Poetry NZ Issue 32
Issue 32

Editorial:
Alistair Paterson

Poetry:
Jessica Le Bas, Jenny Argante, Cherie Barford, David Bath, Joy Blair, Louis Daniel Brodsky, Owen Bullock, Jennifer Compton, Jan FitzGerald, Bernard Gadd, Diane Glancy, May Iremonger, Timothy Kaiser, Leicester Kyle, Norm Levine, Kent MacCarter, Carolyn McCurdie, Margot Zucker Mindich, Tammy Ho Lai Ming, Susan Minot, Elizabeth Morton, Andrew O'Donnell, Regina O'Melveny, Nicholas Reid, Helen Rickerby, Anna Rugis, Ginny Sullivan, Ryan G. Van Cleave, K C Wilder, Cyril Wong

Comment:
Jack Ross, "Denys Trussell – poet, musician, ecologist"

Reviews:
Suzanne Nola, "Collected Poems of Alistair Campbell"

Roger Horrocks, "Two books by Pooja Mittal"

Books:
Alistair Paterson

Issue 32 features the work of Jessica Le Bas, winner of the 2005 Bravado Poetry Competition. She has been writing poetry since the age of six, and has spent the last twelve months as a full time writer.

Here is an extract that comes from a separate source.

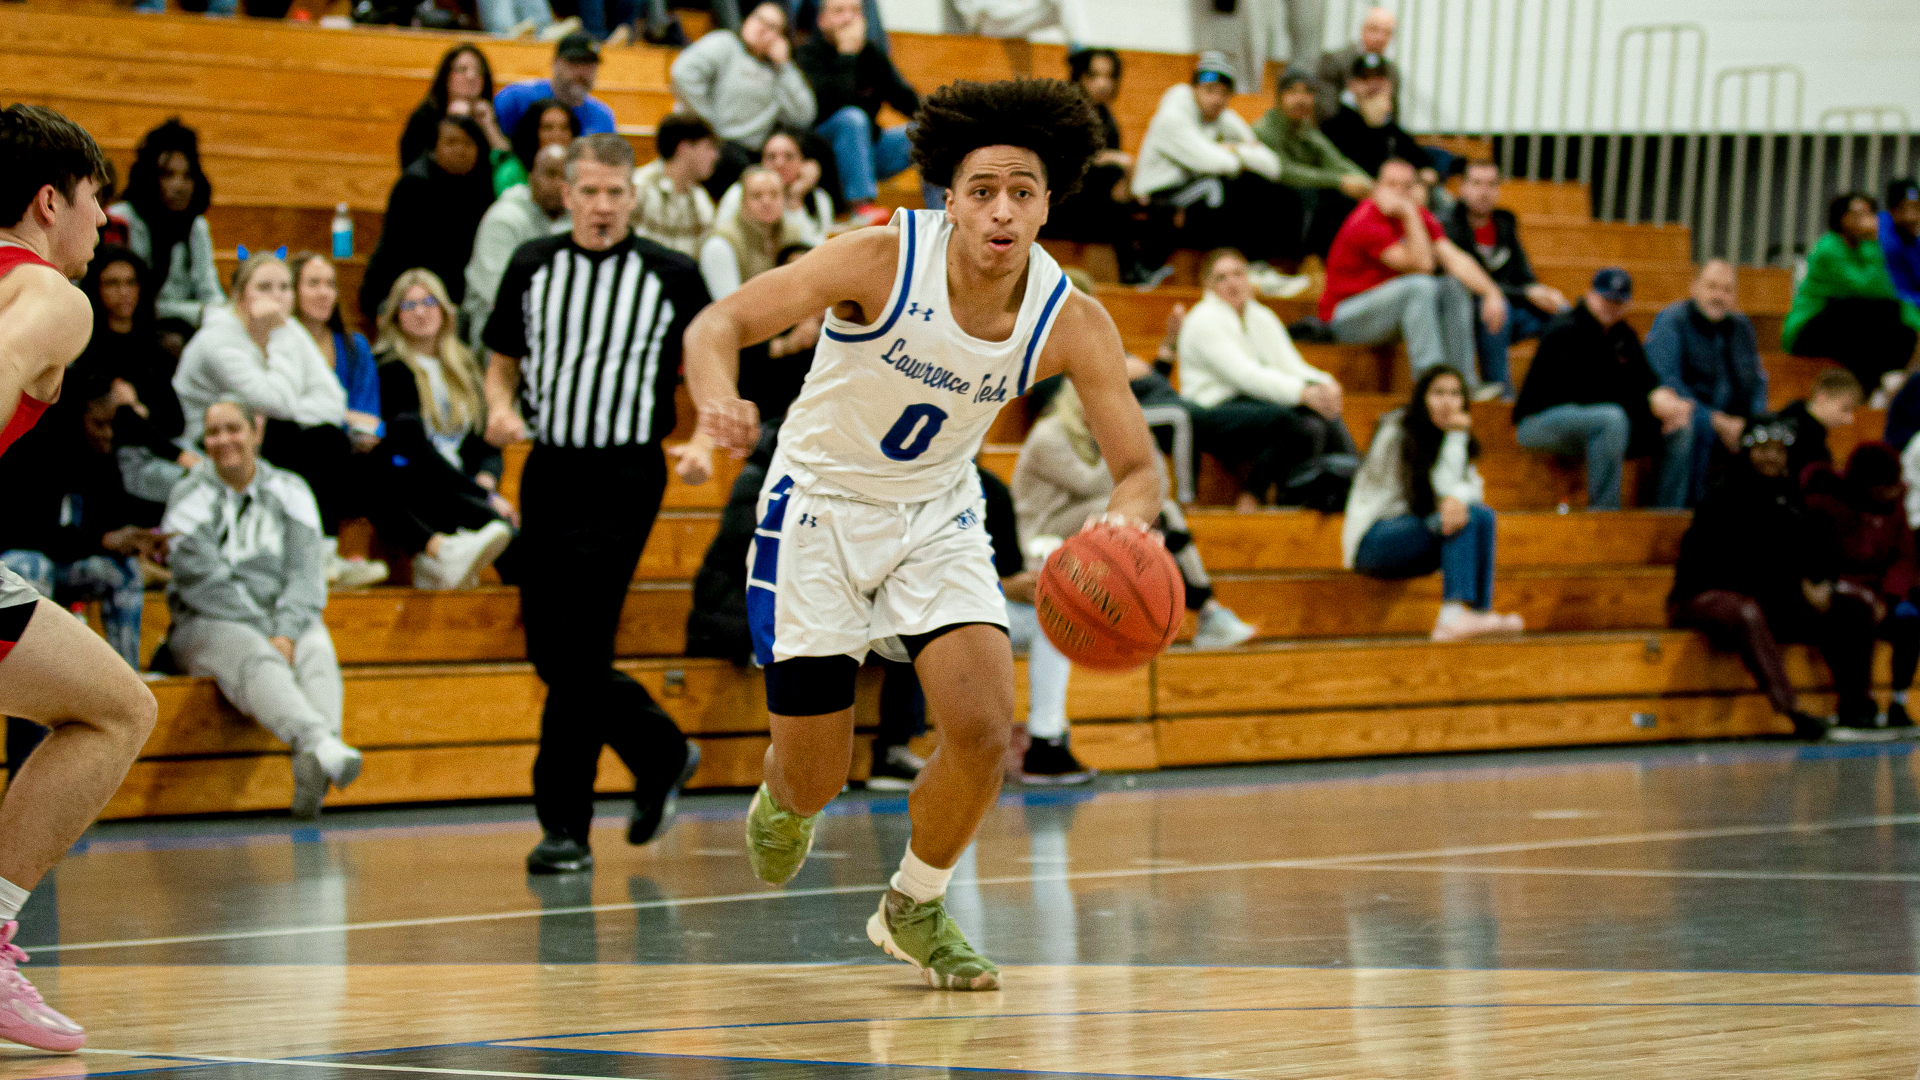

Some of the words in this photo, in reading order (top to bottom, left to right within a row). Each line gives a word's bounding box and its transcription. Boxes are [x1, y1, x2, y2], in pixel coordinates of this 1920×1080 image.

[881, 338, 970, 395] Lawrence
[973, 373, 1007, 404] Tech
[880, 403, 948, 461] 0

Three sample poems can be found here: under, cross over by our featured poet, Jessica Le Bas, Lamartine by Nicholas Reid, and The art of conquest by Ryan G. Van Cleave.

Editorial

As far as it's possible to tell, poetry appears to have been composed and enjoyed for perhaps as long as language has been used. People like to talk to each other and listen to others speak. They enjoy the experience of language whether it's in spoken or written form, whether it's an immediate part of the social situation or otherwise, whether it's recorded in books and magazines, or delivered electronically by television and radio, or on the internet.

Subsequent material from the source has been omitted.